Is all of the above “economics”? Well, yes. But it’s obviously far more than that. Where is the page on this in the textbook? Is it “trade”? Yes, but not of the Ricardian kind we are taught. Is it “finance”, or “technology”? Again, yes – and yet so much more than both. “Ah!”, say markets, “Then perhaps it is that magic cure-all word: geopolitics”? Well, yes: but what does that mean? Take that down to the national level and see if the conceptual ‘model’ describes anything: “Why did that move just happen in markets?” “Politics.” “Ah, okay then. Now I understand.”
There *are* schools of thought out there which bridge the historical, cultural, social, psychological, political, economic, financial, logistical, technological, geoeconomic, geopolitical, diplomatic, national security and, yes, military fields. Try “International Political Economy (IPE)”, or “Grand Strategy”. But do our central bankers, finance ministers, or markets grasp the reality of such a dog-eat-dog world? No. They are navel-gazing, even though interest rates –and swap lines— and fiscal policy, and capital flows are all vital tools/weapons within IPE.
Markets now get the latter on ESG when they aren’t green-washing: but they seem less keen on realizing there will surely be a geographical/political component to this too. (“Money should go here: not there!”) Brazil also just hiked rates by 75bp to 3.50% despite being ravaged by Covid-19: see all the inflation we aren’t having?

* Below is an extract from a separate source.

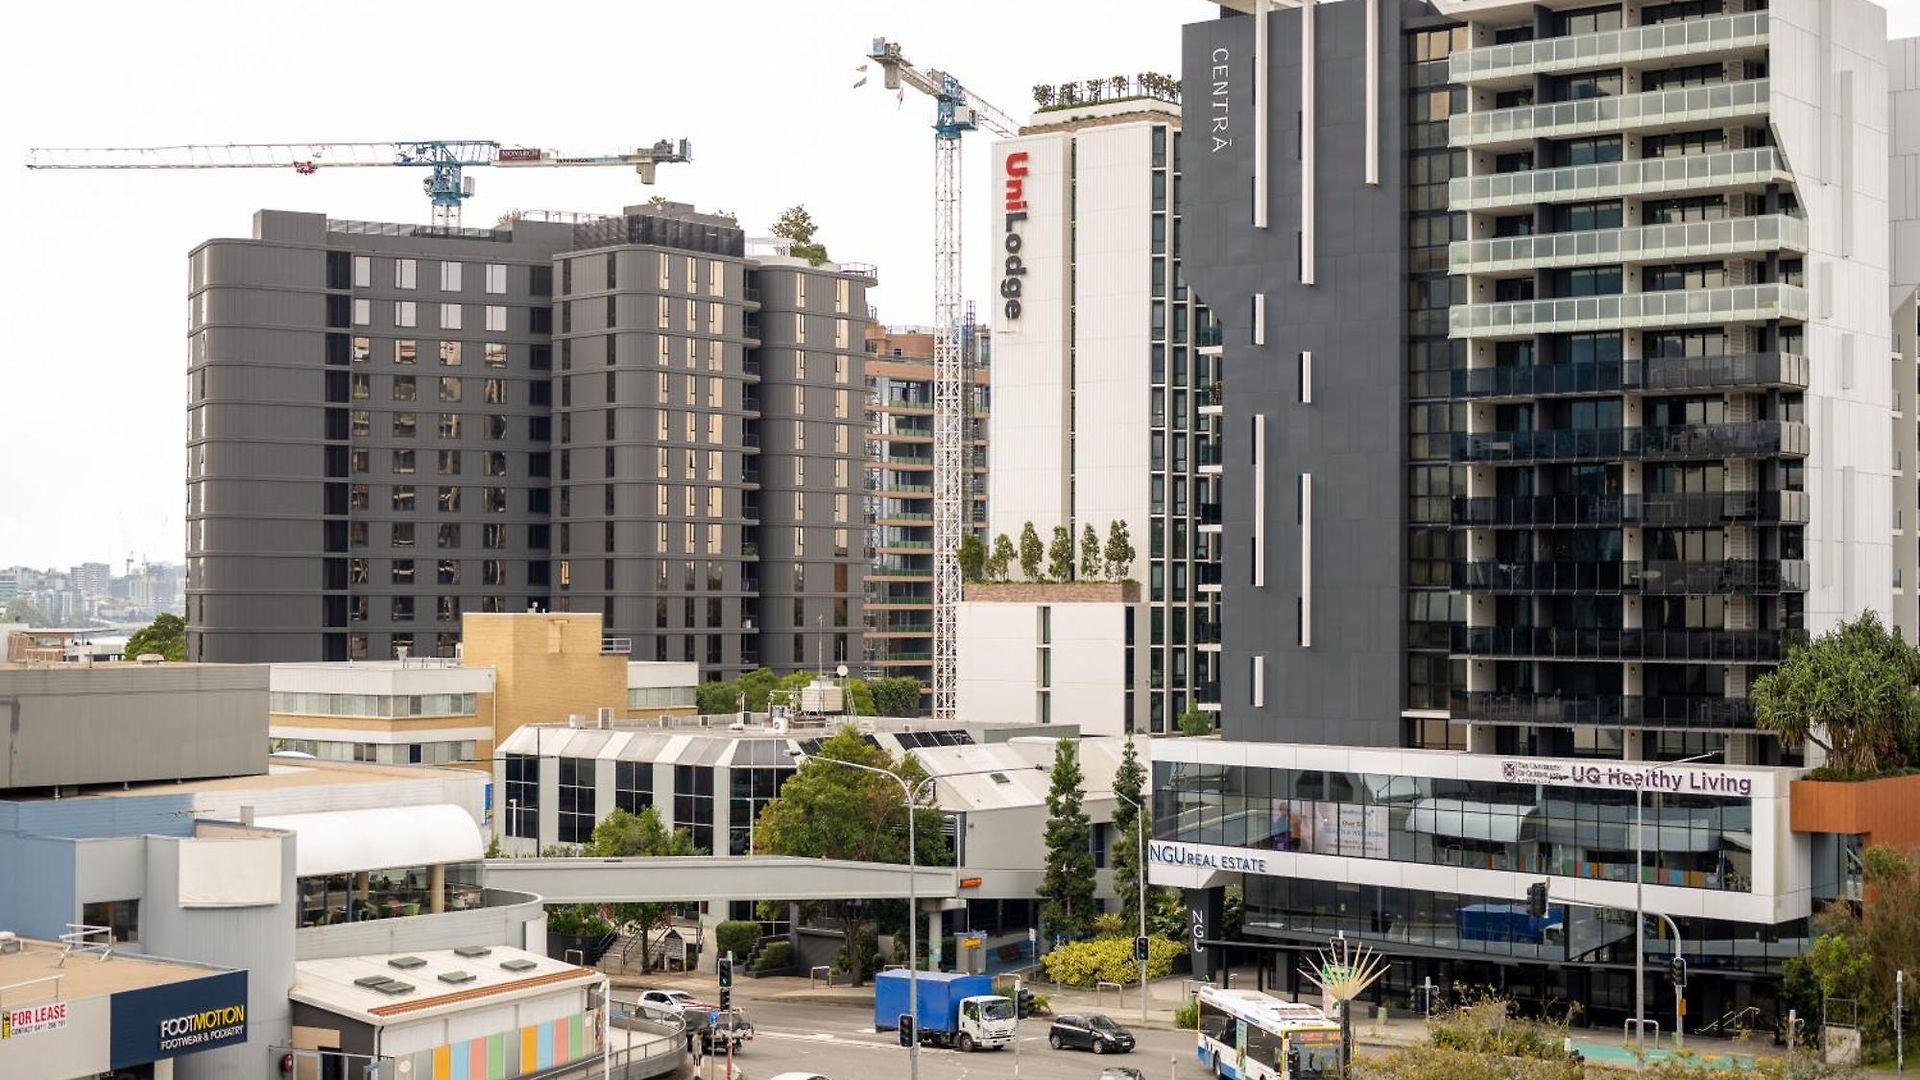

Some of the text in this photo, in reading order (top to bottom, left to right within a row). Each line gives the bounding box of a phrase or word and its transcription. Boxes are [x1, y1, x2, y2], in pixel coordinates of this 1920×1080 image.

That is as the US five-year breakeven inflation rate broke 2.7% yesterday, the highest since July 2008, although the 10-year US Treasury was lower on the day at 1.57%. The Green issue and inflation both factor into Grand Strategy at the highest level, most so when it comes to *food*!

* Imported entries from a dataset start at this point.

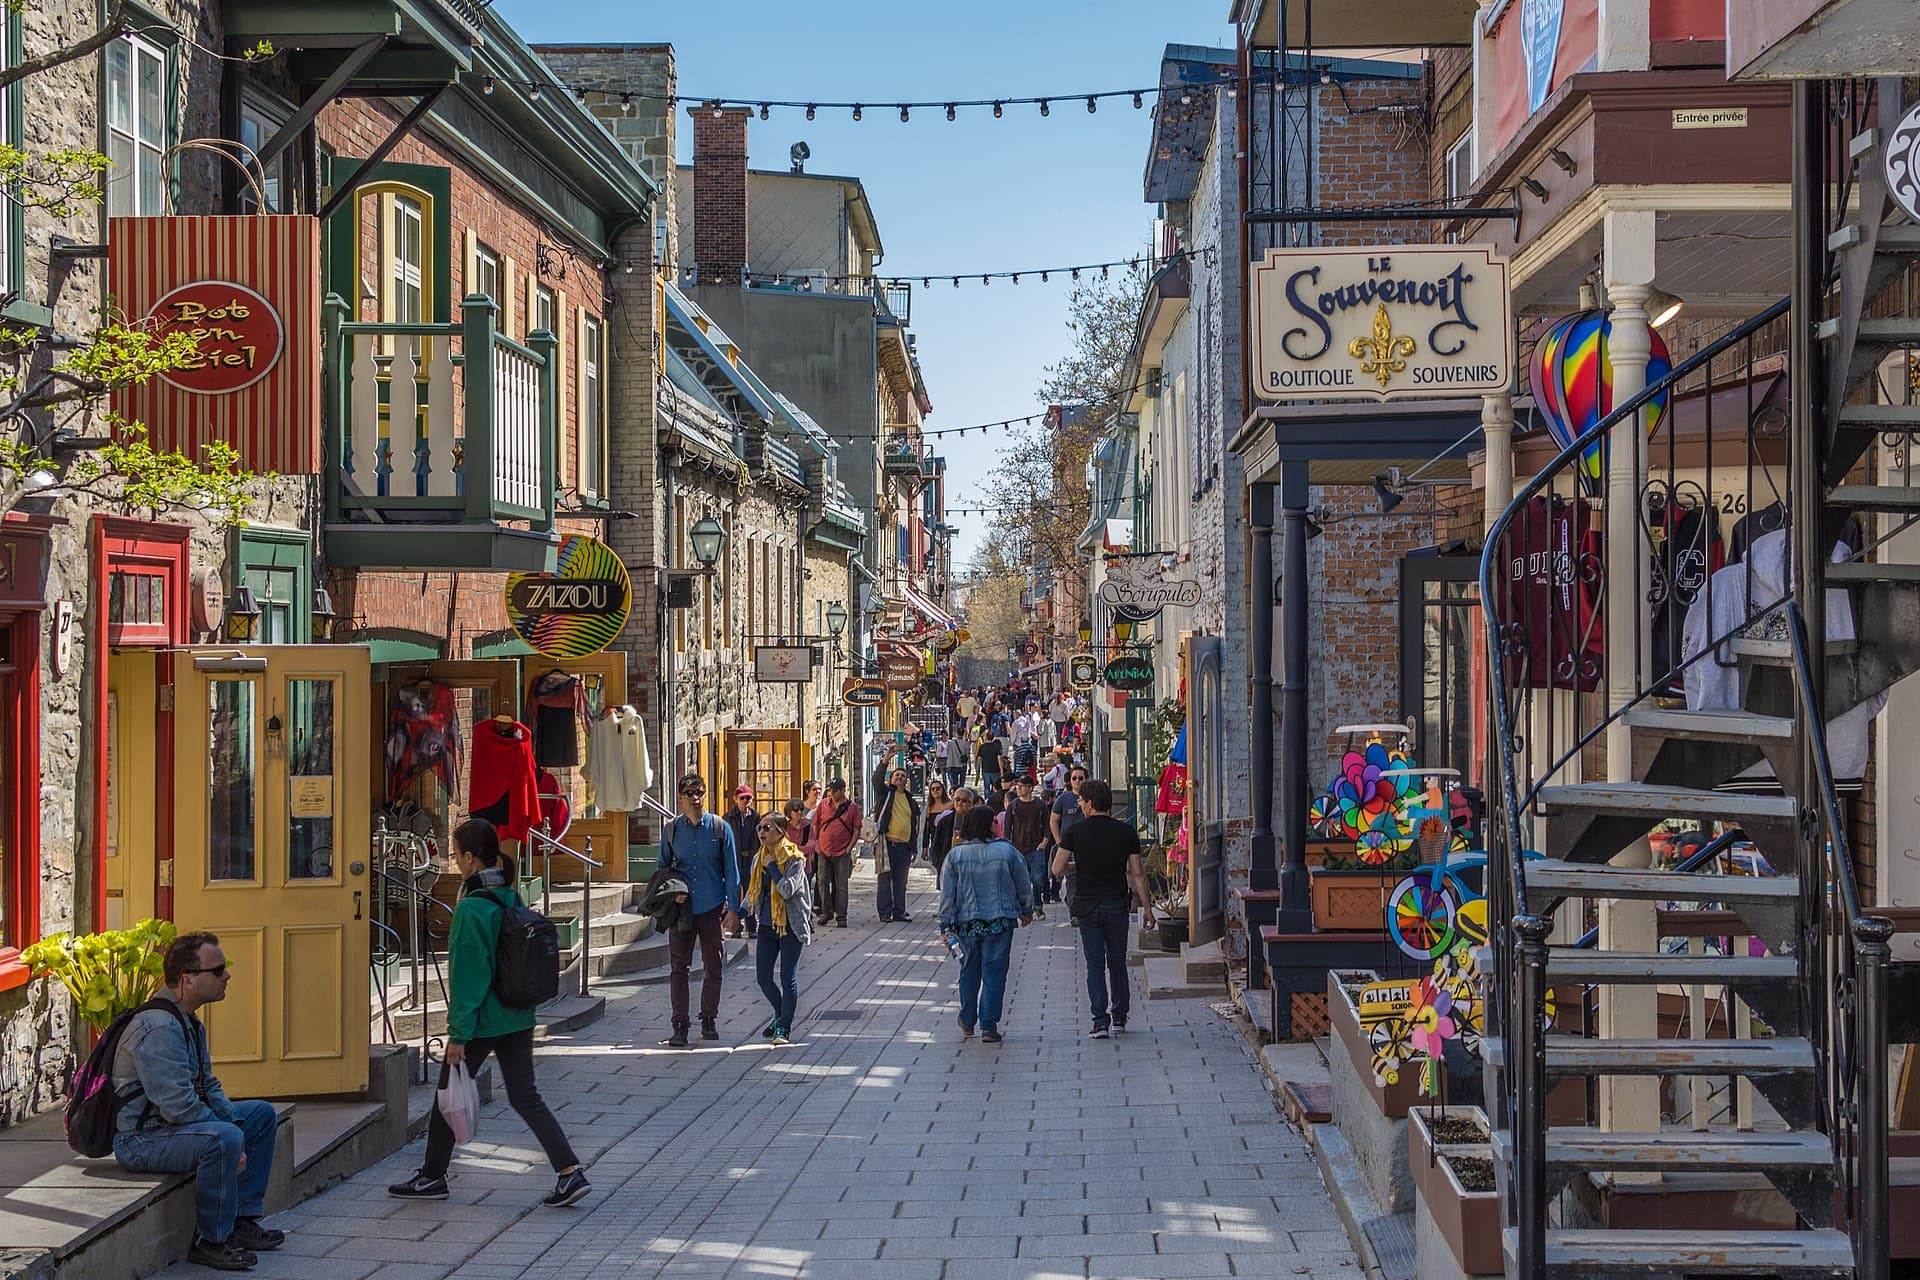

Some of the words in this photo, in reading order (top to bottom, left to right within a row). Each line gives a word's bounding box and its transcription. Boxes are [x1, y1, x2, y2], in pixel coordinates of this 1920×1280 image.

[1676, 112, 1709, 123] Entrée
[1712, 111, 1744, 124] privée
[1368, 257, 1391, 272] LE
[174, 298, 250, 321] Pot
[189, 327, 245, 341] en
[1270, 369, 1354, 388] BOUTIQUE
[1413, 365, 1498, 384] SOUVENIRS
[1721, 493, 1746, 514] 26
[526, 584, 608, 609] ZAZOU
[1102, 582, 1198, 608] Scrupules
[1391, 1003, 1415, 1011] SCHOO

Some Western politicians are now starting to wake up – and, just as one would expect, the implications are huge for those markets that didn’t see this shift coming. Unlike Bill Gates, the White House now backs a temporary waiver of Covid-19 vaccine patents. Of course, related pharma stocks were hit hard yesterday. Yet in what way is a US Grand Strategy helped by allowing firms to rake in mega profits in a world in which realpolitik ‘vaccine diplomacy’ is so evident? See the recent public fury in India against the US over vaccine hoarding, for example (And imagine a map of the world where India isn’t a friend of the US, and yet the US still has a strong hand in the Indo-Pacific; and project the Asian economy China is most worried about in the long term.)
Meanwhile, many of the West’s best brains’ personal grand strategies are…Dogecoin: “It is cute. I buy it. It goes up. I get very rich, very fast.” And it is indeed up 12,000% since January, for those who think this means anything meaningful. Yet the SEC says it is reviewing short-selling and swap rules after GameStop and Archegos, to try to stop the “gamification” of markets. And making a joke like Dogecoin worth more than a US Dollar is surely a game too – “Such planning. Many geopolitics. So strategy.” Even Microsoft and Amazon are calling for crypto regulation. The key point is that gamification does not help the US in The Great Game underway. And if it loses that Game, then everybody holding Dogecoin ‘wealth’ needs to start wondering how the PBOC might value such socially-useful ‘assets’.
As such, in the end it’s likely to be dog-eat-Doge.